As the U.S. attorney for the western district of Virginia moves in to corner his quarry--if convicted, the Bridgewater (Va.) College physics major faces five years in prison and a $10,000 fine --Eller is drawing on the strengths of what he learned from his family, church and teachers. He is telling the state that, for moral reasons, some laws aren't worth obeying.

"I am a nonregistrant in order to be faithful to God, my conscience and my church," says Eller, a member of the pacifist Church of the Brethren. "Christ's way, the way of love, the way of concern for all peoples, the way of nonviolent peace, cannot be reconciled with the military, which uses killing and destruction, or the threat of such, to achieve its end."

If it were only moderately crafty, the Reagan administration would have ignored someone as thoughtful and devout as Eller and instead sent the posse for a 20-year-old unbathed drug- taking long-haired ex-juvenile delinquent who hangs out at the video game arcade. Those charms must have been possessed by at least a few of the 570,000 draft-age men who haven't registered in the past two years.

But Eller is a son any American parent could take pride in. He has a straight A average in school. He has short hair, reads his Bible and is so polite to his elders that he regularly called the U.S. attorney to stay current on the dates of his indictment and arraignment.

In seeking to imprison Eller, the Justice Department's strategy is to alert the other half-million resisters that everybody is vulnerable, starting with the clean-cut. This use of fear is an odd way of recruiting an army. With no persuasive case being made either that we are under unusual enemy threat or that we would be undermanned if we were, the draft registration campaign is really an issue of government thought control.

Enten Eller is indicted because the state seeks to dictate to a young man's conscience when it has no arguments to appeal to his intellect. It can't persuade him by reason, so it will control him by prison.

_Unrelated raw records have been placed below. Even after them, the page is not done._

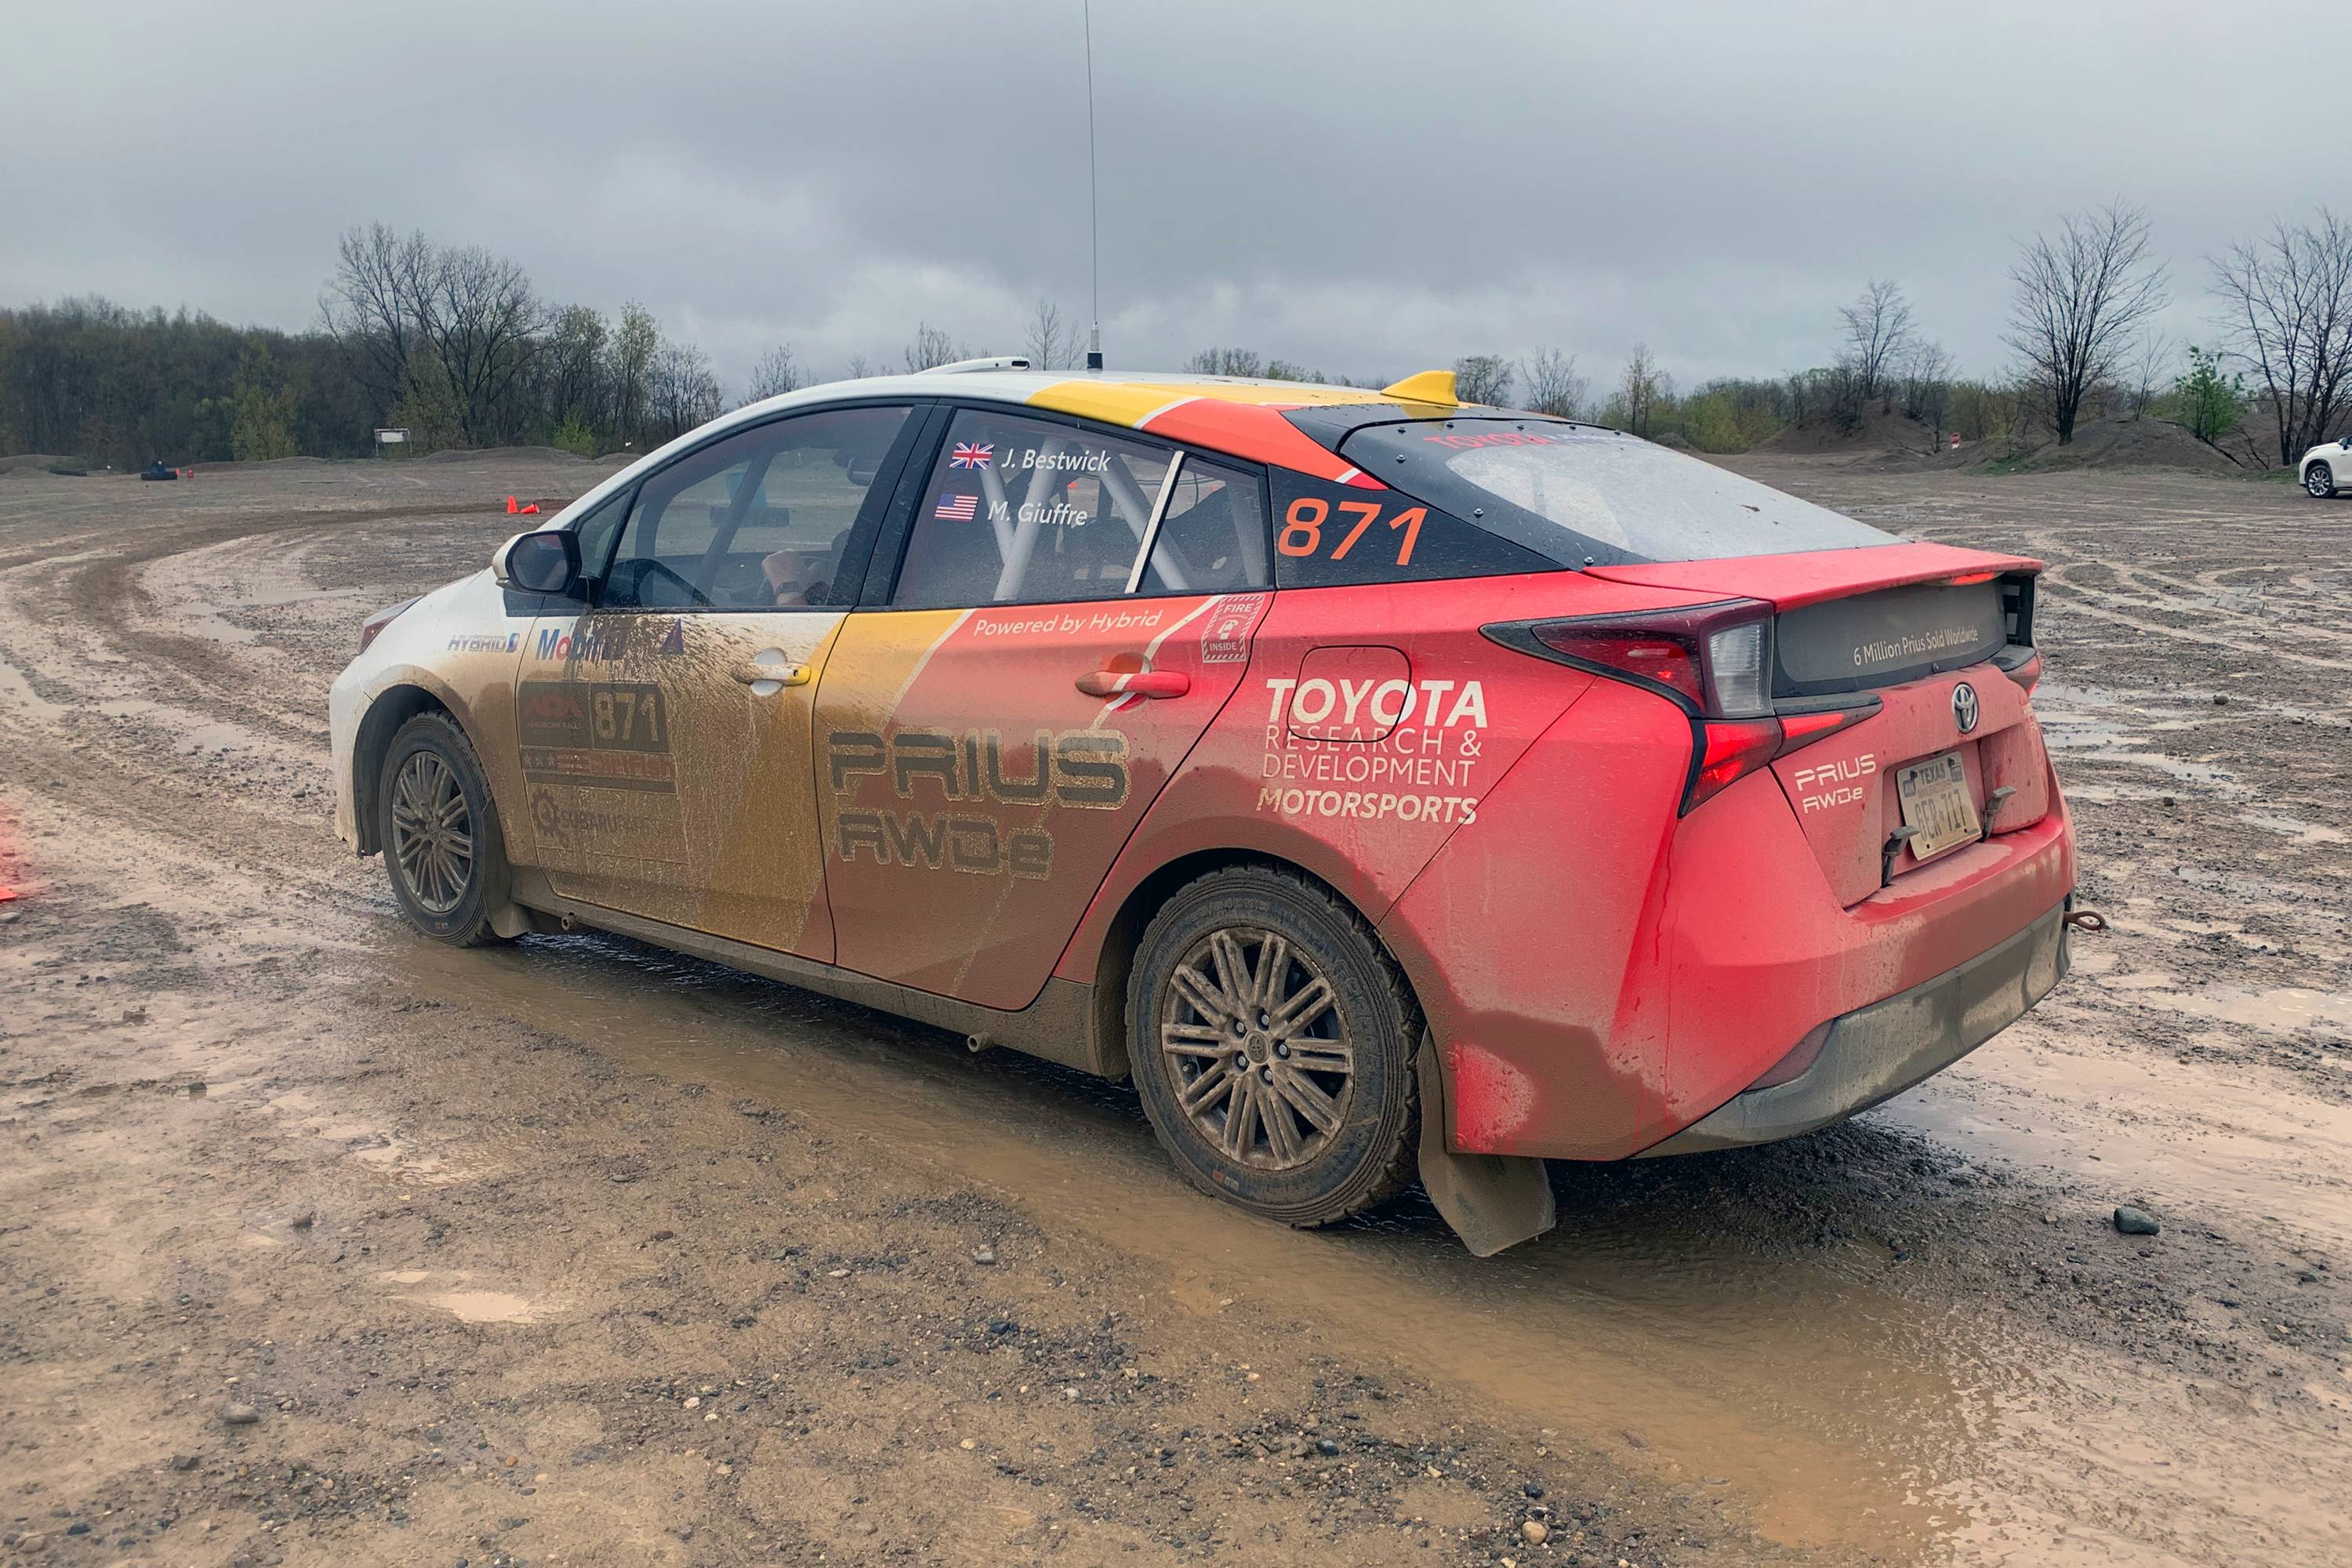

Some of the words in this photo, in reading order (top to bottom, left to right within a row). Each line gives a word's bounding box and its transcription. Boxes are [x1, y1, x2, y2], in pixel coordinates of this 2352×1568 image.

[1001, 448, 1016, 469] J.
[1022, 449, 1111, 471] Bestwick
[987, 500, 1010, 521] M.
[1018, 503, 1089, 526] Giuffre
[1277, 497, 1428, 566] 871
[973, 615, 1058, 637] Powered
[1059, 614, 1087, 634] by
[1088, 609, 1164, 633] Hybrid
[1223, 603, 1255, 614] FIRE
[447, 633, 508, 654] HYBRID
[1209, 641, 1237, 652] INSIDE
[1853, 647, 1861, 666] 6
[1863, 641, 1902, 664] Million
[1902, 634, 1926, 655] Prius
[1926, 630, 1945, 650] Sold
[1944, 624, 1979, 646] Worldwide
[594, 691, 659, 742] 871
[1265, 677, 1488, 728] TOYOTA
[1265, 724, 1444, 755] RESEARCH
[1459, 729, 1483, 757] &
[828, 728, 1130, 810] PRIUS
[1261, 753, 1476, 787] DEVELOPMENT
[1795, 753, 1876, 791] PRIUS
[1918, 762, 1946, 786] TEXAS
[1255, 786, 1479, 825] MOTORSPORTS

But what kind of soldier would an Eller make if suddenly he changed his mind and said to the bosses of the Selective Service that, because he is afraid of jail, he agrees to go into the army?

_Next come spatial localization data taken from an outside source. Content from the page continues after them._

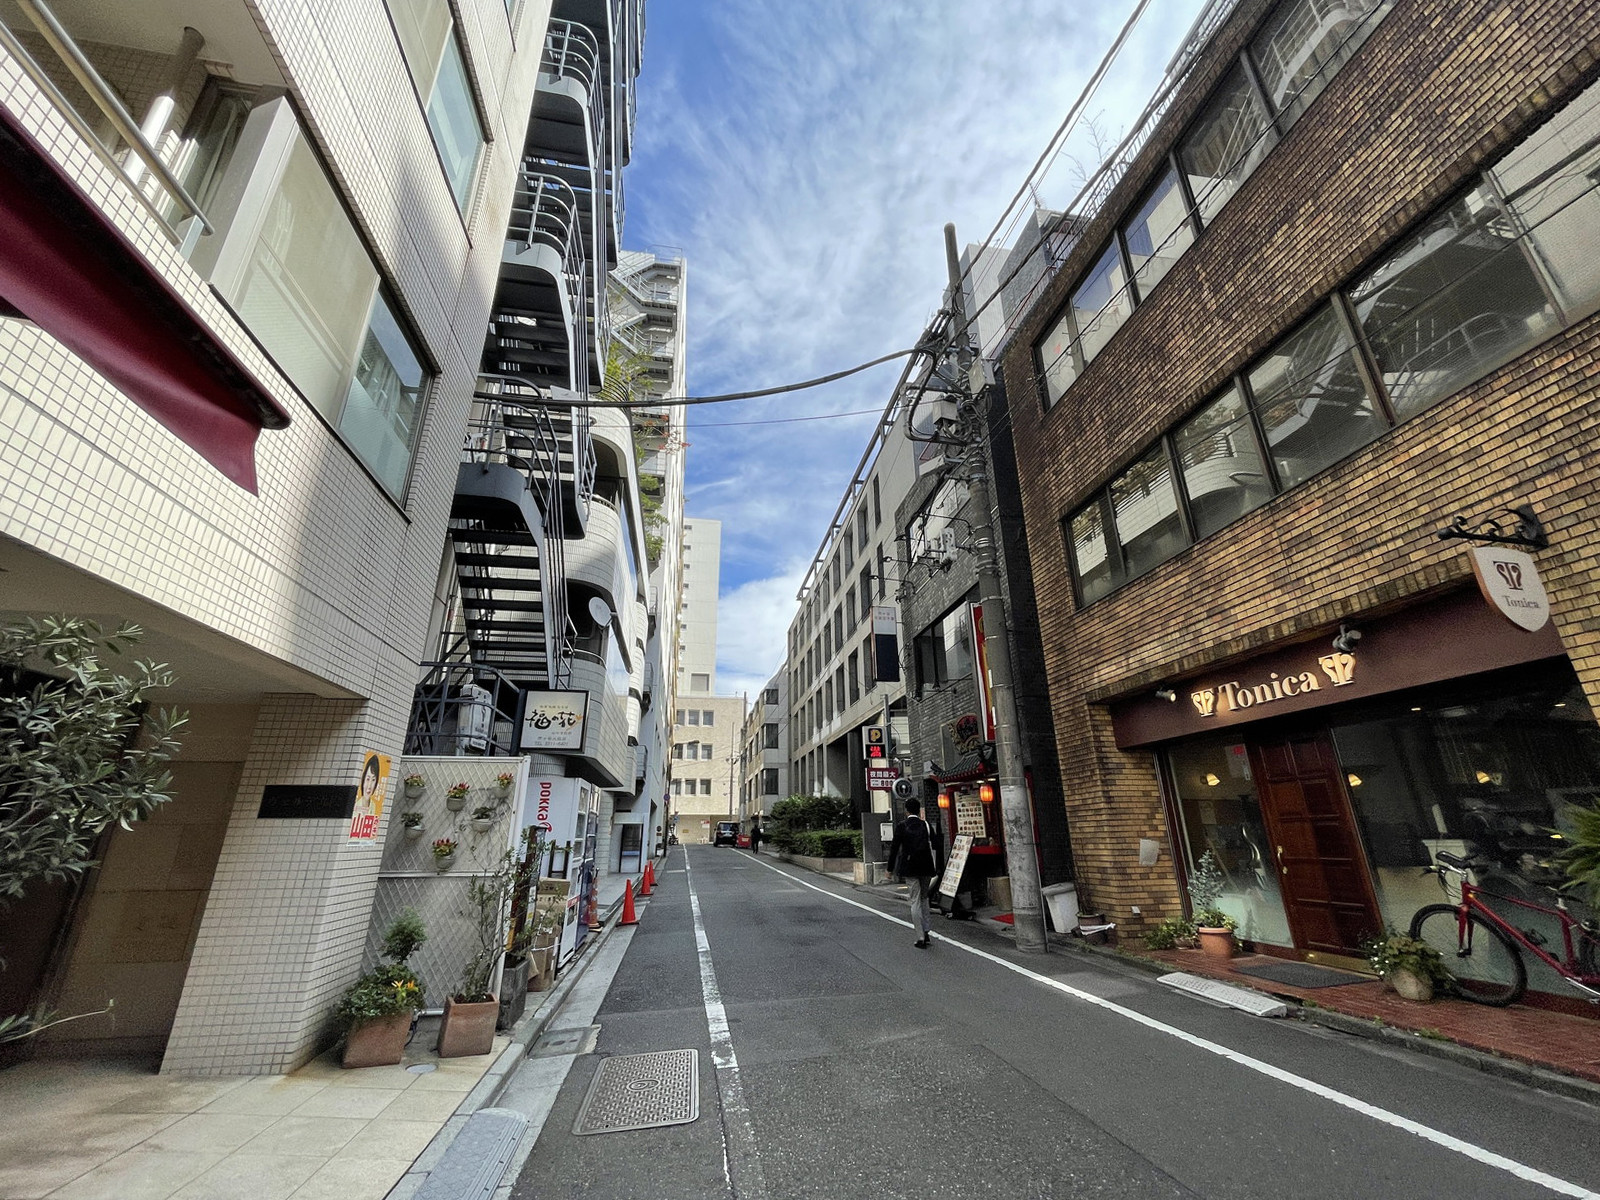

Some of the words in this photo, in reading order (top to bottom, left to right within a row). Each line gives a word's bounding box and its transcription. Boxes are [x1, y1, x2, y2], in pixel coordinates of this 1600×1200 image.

[1502, 595, 1541, 608] Tonica
[1218, 671, 1323, 711] Tonica
[525, 709, 576, 730] 福の花
[870, 729, 882, 742] P
[350, 813, 374, 837] 山田

If the administration understood history, the way it doesn't understand pacifism and conscience, the Justice Department would see that it is unwittingly helping the peace movement by singling out Eller. The government is challenging a tradition that includes jailed pacifists from George Fox, who wrote the enduring "Quaker peace testimony" in Derby Gaol 300 years ago, to J. F. Powers, the American novelist who did 13 months in a federal prison rather than cooperate with the military during World War II. All Eller is saying these days on his way to court is a rephrasing of what Fox, Powers and numberless others of strong will and informed conscience said in their day. Their words have lasted.

The names of some 160 other young men have been sent to the Justice Department for prosecution. According to draft counseling groups, most of these are "self-reporters." They have, like Eller, told the government of their conscientious objections. They aren't hiding or bounding off to Canada and Sweden.

The waste of the government's time and money in this useless roundup could have been avoided had the registration cards contained a box for conscientious objection. Sen. Mark Hatfield (R-Ore.) offered that option when the legislation was in Congress. But the administration opposed it, and the proposal was defeated.

Young men of courage like Eller are now seen by the administration as taunters. That's as backward as the larger reality. There is no draft, no recruit shortage, no war and no space in prison. And now the government wants no dissent.